= Scattered space =

In mathematics, a scattered space is a topological space X that contains no nonempty dense-in-itself subset. Equivalently, every nonempty subset A of X contains a point isolated in A.

A subset of a topological space is called a scattered set if it is a scattered space with the subspace topology.

== Examples ==
- Every discrete space is scattered.
- Every ordinal number with the order topology is scattered. Indeed, every nonempty subset A contains a minimum element, and that element is isolated in A.
- A space X with the particular point topology, in particular the Sierpinski space, is scattered. This is an example of a scattered space that is not a T_{1} space.
- The closure of a scattered set is not necessarily scattered. For example, in the Euclidean plane $\R^2$ take a countably infinite discrete set A in the unit disk, with the points getting denser and denser as one approaches the boundary. For example, take the union of the vertices of a series of n-gons centered at the origin, with radius getting closer and closer to 1. Then the closure of A will contain the whole circle of radius 1, which is dense-in-itself.

== Properties ==
- In a topological space X the closure of a dense-in-itself subset is a perfect set. So X is scattered if and only if it does not contain any nonempty perfect set.

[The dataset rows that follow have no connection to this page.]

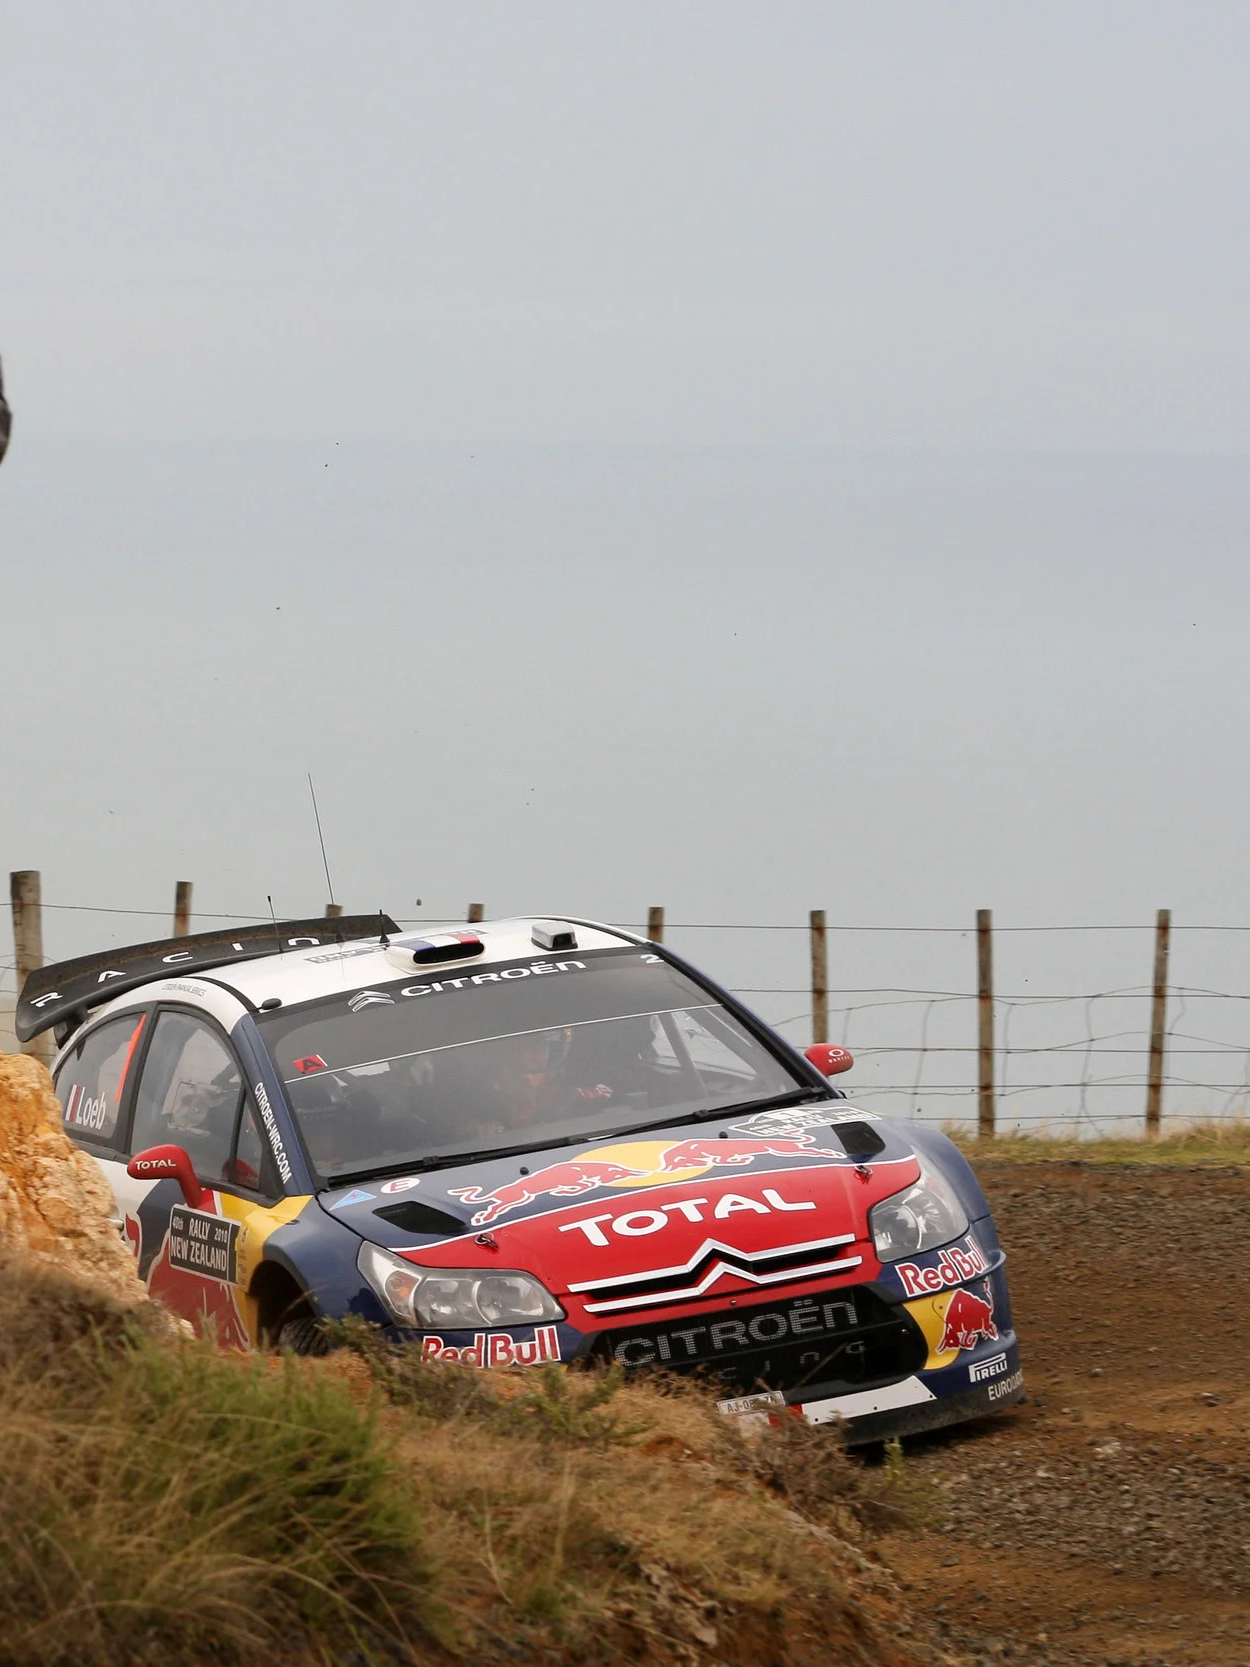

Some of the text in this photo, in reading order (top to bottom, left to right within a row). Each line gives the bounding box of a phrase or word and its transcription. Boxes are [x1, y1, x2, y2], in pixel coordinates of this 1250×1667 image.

[75, 1086, 107, 1130] Loeb
[254, 1081, 292, 1185] CITROEN-WRC.COM
[135, 1159, 177, 1171] TOTAL
[188, 1218, 211, 1241] RALLY
[214, 1228, 228, 1243] 2010
[559, 1188, 817, 1247] TOTAL
[170, 1235, 189, 1260] NEW
[190, 1240, 227, 1272] ZEALAND
[895, 1235, 990, 1297] Red Bull
[421, 1325, 561, 1369] Red Bull
[968, 1352, 1008, 1383] PIRELLI

- Every subset of a scattered space is scattered. Being scattered is a hereditary property.
- Every scattered space X is a T_{0} space. (Proof: Given two distinct points x, y in X, at least one of them, say x, will be isolated in $\{x,y\}$. That means there is a neighborhood of x in X that does not contain y.)

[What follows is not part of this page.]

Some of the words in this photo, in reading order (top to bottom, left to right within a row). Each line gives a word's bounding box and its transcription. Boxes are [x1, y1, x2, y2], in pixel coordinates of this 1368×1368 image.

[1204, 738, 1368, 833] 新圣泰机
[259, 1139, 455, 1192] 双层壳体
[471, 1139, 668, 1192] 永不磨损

- In a T_{0} space the union of two scattered sets is scattered. Note that the T_{0} assumption is necessary here. For example, if $X=\{a,b\}$ with the indiscrete topology, $\{a\}$ and $\{b\}$ are both scattered, but their union, $X$, is not scattered as it has no isolated point.
- Every T_{1} scattered space is totally disconnected. (Proof: If C is a nonempty connected subset of X, it contains a point x isolated in C. So the singleton $\{x\}$ is both open in C (because x is isolated) and closed in C (because of the T_{1} property). Because C is connected, it must be equal to $\{x\}$. This shows that every connected component of X has a single point.)

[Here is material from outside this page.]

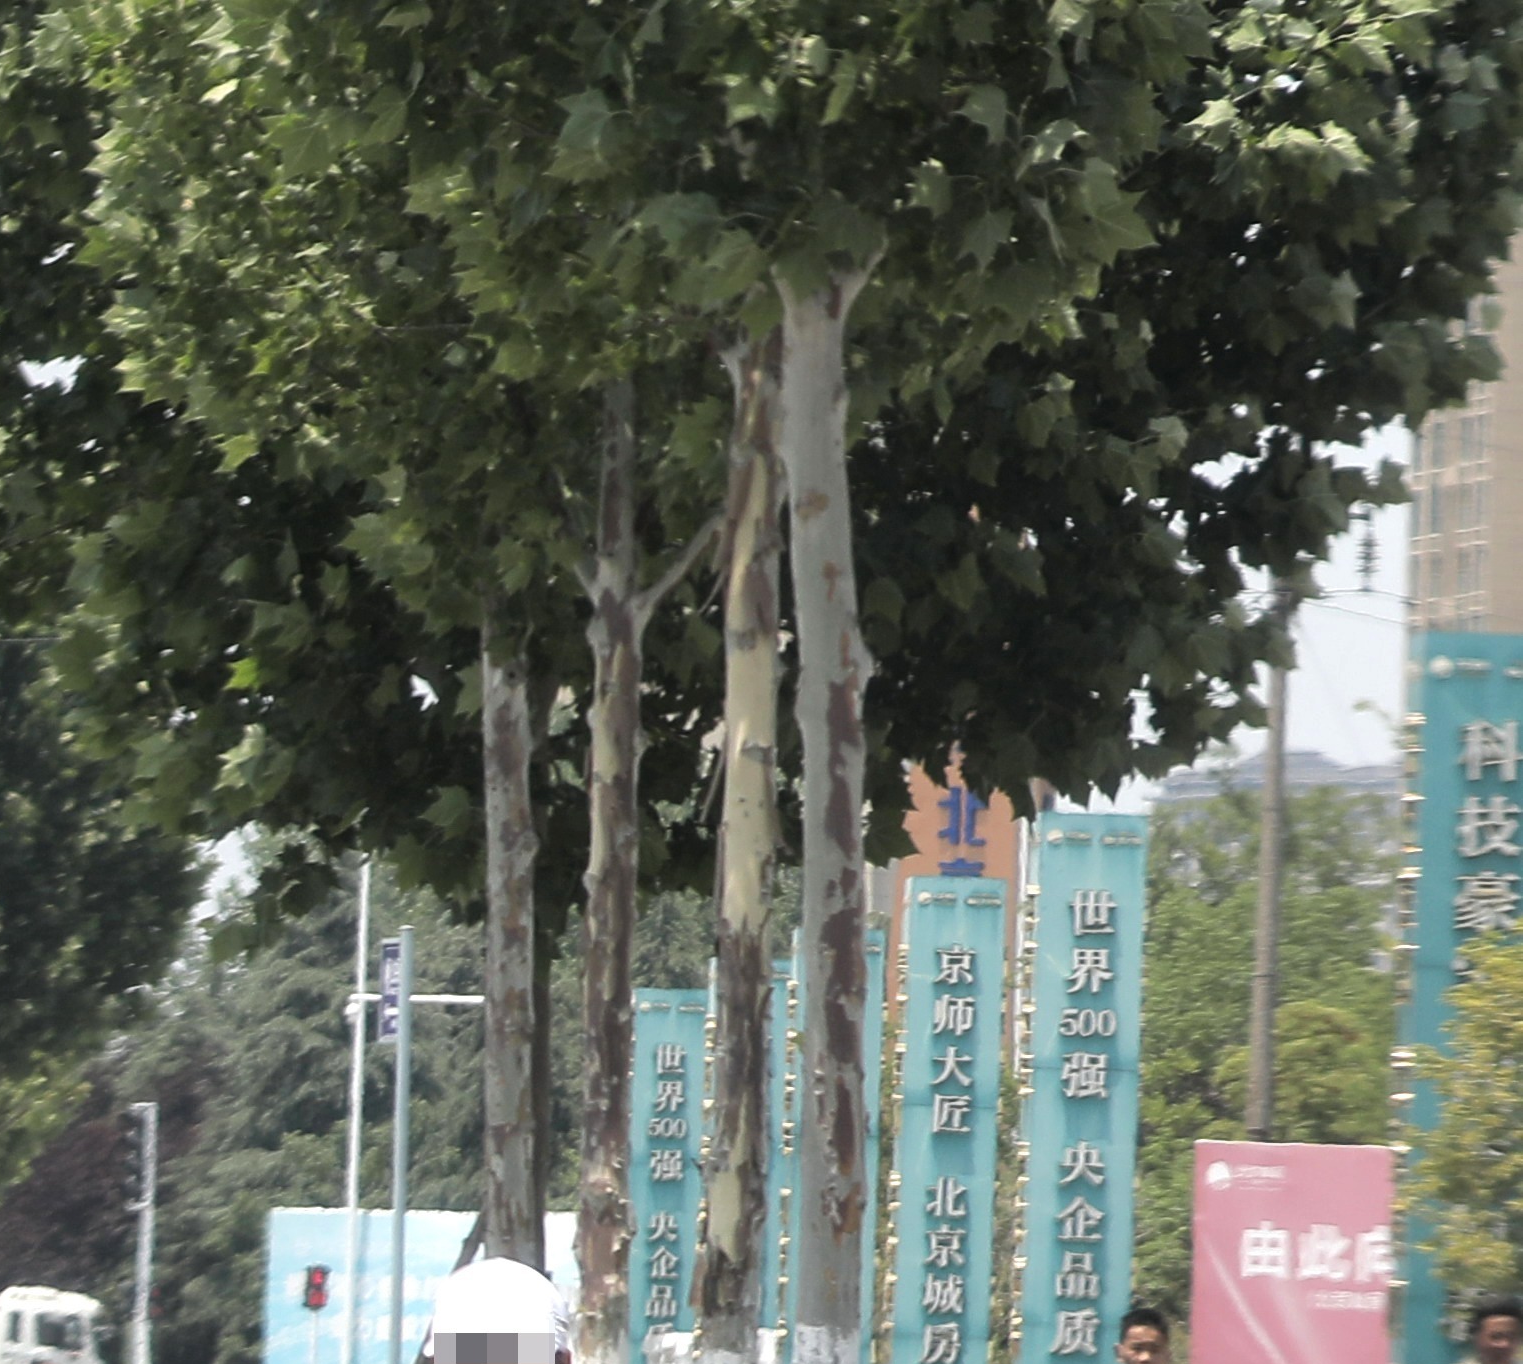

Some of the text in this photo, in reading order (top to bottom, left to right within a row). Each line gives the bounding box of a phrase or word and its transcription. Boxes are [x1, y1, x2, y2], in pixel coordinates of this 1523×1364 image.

- Every second countable scattered space is countable.
- Every topological space X can be written in a unique way as the disjoint union of a perfect set and a scattered set.
- Every second countable space X can be written in a unique way as the disjoint union of a perfect set and a countable scattered open set. (Proof: Use the perfect + scattered decomposition and the fact above about second countable scattered spaces, together with the fact that a subset of a second countable space is second countable.) Furthermore, every closed subset of a second countable X can be written uniquely as the disjoint union of a perfect subset of X and a countable scattered subset of X. This holds in particular in any Polish space, which is the contents of the Cantor–Bendixson theorem.